What is needed:
Please transcribe the data below in full. Omit any picture you find in it.

-- Information provided follows --

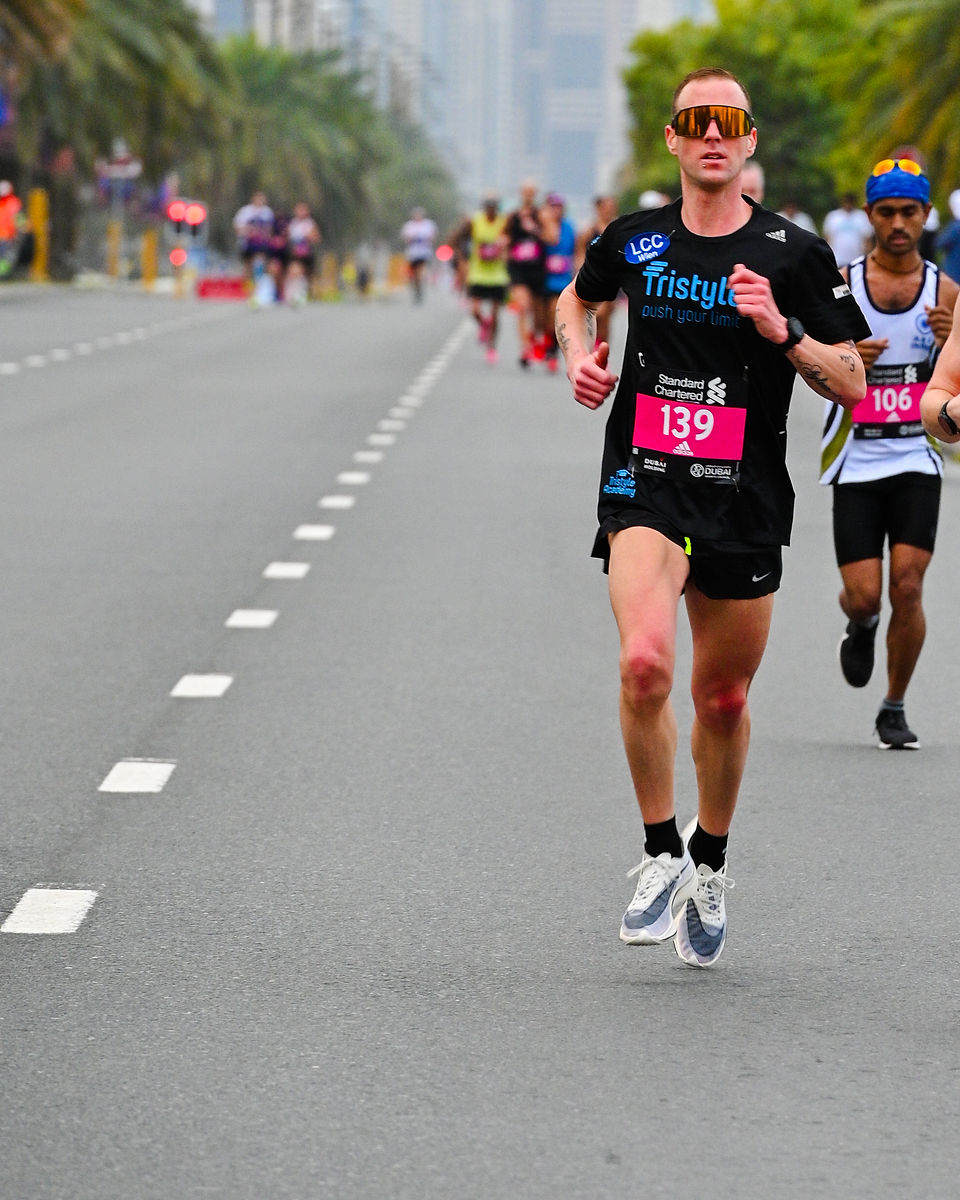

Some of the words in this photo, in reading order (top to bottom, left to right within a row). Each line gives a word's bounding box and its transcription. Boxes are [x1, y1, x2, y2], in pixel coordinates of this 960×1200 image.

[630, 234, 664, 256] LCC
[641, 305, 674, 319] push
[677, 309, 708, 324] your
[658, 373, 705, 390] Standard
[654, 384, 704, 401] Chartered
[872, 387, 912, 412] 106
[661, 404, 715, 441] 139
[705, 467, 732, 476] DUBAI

-- Information provided concluded --

The completed task:
Some of the words in this photo, in reading order (top to bottom, left to right within a row). Each line gives a word's bounding box and its transcription. Boxes are [x1, y1, x2, y2], in pixel coordinates of this 960×1200 image.

[630, 234, 664, 256] LCC
[641, 305, 674, 319] push
[677, 309, 708, 324] your
[658, 373, 705, 390] Standard
[654, 384, 704, 401] Chartered
[872, 387, 912, 412] 106
[661, 404, 715, 441] 139
[705, 467, 732, 476] DUBAI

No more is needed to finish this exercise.